コヴェント・ガーデンの思い出 テムズ南岸の名指揮者たち
テムズ南岸の名指揮者たち ・ 第11話

レナード・バーンスタイン
(Leonard Bernstein)

1918年8月25日ローレンス(マサチュセッツ)生、
1990年10月14日ニューヨーク没

ヴィーン・フィルハーモニック管弦楽団

・1978年2月18日席 1-H-14値段 £4.40
 BeethovenSymphony No.2 in D Op.36
 BeethovenSymphony No.3 in E Flat,Op.55(Eroica)

 ヴィーンフィルは既にソウル駐在時代に梨花女子大講堂で二回聴いていて、今夕が3回目 (先に書いた ベーム指揮は1979年)。 バーンスタイン をナマで聴くのは 今夕が初めての機会。おおいに期待して出かけました。そして期待は裏切られることは ありませんでした。

 バーンスタイン の身振りは、大昔にテレビで見たことのある、躍り上がるような ジェスチャーや、時に指揮台からピョンと飛びあっがったりするような動きは殆ど影を潜めていました。 大袈裟な動きや誇張的な細工は一切ない、言わばマニュアルで操縦するのではなくオート・パイロットで 操縦するような印象。ここぞという箇所では、オケにそれとなくサインを出し、オケが自然に それに調和するようです。均衡と抑制の上に成り立ち、無駄な誇張は些かも無く、 自然な流れの中に自発的な主張を織り込んだ演奏でした。

 まず第2番。 第1楽章前奏開始のトゥティに続く木管の艶の素晴らしさ、高弦の爽やかさと低弦の柔らかさ、 内声部の艶によって創り出される音は、他の団体とは隔絶したもので、これこそヴィーンフィルだけが 誇れる音色でしょう。第1主題の何処か荘重なところから第2主題の踊り立つようなリズムへの移行も円滑で、 あまりテンポを動かさずに自然に進行する。此処まで聴いて、上に述べた「音楽のあり方」が流れるように 心を打ちます。第2楽章の「和み」の極みは、決して弛緩せず、えも言われぬ強弱変化で楽想を歌い揚げる。 バーンスタイン の動きは、ごく稀にバレーの男性舞踊手のような動きを見せて、 ゆったりした中の強弱変化を身振りによって観客にさえも訴えかけるようです。第3楽章の弾みと、 第4楽章の些かもせかせかしないスピード感。序奏付きの古典派交響曲の枠組みを守りつつも、 自然体でありながら微細な表情を巧く潜りこませた演奏でした。両端のアレグロ楽章の、第1の "con brio"と第4の"molto"の意味合いさえ自然に私にしみ込ませてくれたようでした。
 休憩後の第3番は第2番を更に上回りました。抑制が利きながらも広い会場全体にバランス良く 貫通するようなオーケストラの音、そこここに微妙な指示を出しながら音楽を作る バーンスタイン の指揮ぶりで創り出される音楽は、言葉の無い「詩篇」のようです。 第1楽章の確固とした構成、第2楽章のデリカシーの極み、スケルツォの「諧謔味」とは異なった 確固とした足取りによる推進力、最終楽章の真っ赤に燃え立つ炎の連続で、英雄のモニュメントを 建立したようです。
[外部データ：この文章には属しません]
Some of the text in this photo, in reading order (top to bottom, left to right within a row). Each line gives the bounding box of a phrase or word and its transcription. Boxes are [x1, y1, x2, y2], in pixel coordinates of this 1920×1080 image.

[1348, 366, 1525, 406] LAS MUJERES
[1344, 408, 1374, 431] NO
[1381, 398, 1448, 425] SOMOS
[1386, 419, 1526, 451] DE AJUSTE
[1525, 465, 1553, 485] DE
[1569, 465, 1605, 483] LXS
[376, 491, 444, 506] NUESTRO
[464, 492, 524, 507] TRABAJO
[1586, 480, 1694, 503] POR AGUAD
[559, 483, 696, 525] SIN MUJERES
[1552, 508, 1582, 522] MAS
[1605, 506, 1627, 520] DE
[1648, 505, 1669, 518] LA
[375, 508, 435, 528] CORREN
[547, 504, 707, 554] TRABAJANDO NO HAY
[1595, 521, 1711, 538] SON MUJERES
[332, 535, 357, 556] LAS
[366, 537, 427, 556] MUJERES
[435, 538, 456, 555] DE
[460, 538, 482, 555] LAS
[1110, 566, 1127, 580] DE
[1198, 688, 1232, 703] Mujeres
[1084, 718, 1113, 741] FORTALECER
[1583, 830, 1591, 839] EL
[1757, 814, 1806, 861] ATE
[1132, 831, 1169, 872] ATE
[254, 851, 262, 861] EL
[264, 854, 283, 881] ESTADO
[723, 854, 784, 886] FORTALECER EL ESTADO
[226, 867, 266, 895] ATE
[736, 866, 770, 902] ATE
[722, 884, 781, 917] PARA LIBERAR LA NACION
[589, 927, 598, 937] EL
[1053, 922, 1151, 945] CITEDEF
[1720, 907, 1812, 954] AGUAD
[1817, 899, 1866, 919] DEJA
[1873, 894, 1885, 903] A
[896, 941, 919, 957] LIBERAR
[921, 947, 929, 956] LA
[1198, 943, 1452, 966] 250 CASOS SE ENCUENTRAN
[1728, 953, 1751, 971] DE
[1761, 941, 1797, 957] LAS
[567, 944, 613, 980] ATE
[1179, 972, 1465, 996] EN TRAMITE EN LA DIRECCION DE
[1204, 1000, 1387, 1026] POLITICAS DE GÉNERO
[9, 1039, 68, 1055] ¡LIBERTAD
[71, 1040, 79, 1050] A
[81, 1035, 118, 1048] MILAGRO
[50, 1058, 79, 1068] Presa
 今夕の編成は、弦は14型で、管は倍管にしていたように思います。オケのトゥッティのフォルテの 暖かさとふくよかな厚み、木管のソノリティの豊かさは倍管のしからしむるところだったかと思います。
 それに、ソリスティックに出てくる木管、思いっきり吹き上げるホルン、合奏の場合の純正調で ハーモナイズする音程の確かさ等々、定評の弦のみならず、管楽器群の素晴らしさを満喫したのでした。 オケを引きずり回すのではなく、その自発性を重んじつつ、これぞという箇所では細やかな指示を 出しながら、余裕で創造したベートーヴェンの世界でした。
 その後の バーンスタイン 体験は、1985年9月12日のイスラエル・フィルとの マーラーの9番(NHKホール)の超絶名演だけです。1990年のロンドン響来日で結局は 聴けなかったのが、まさに痛恨の極みです。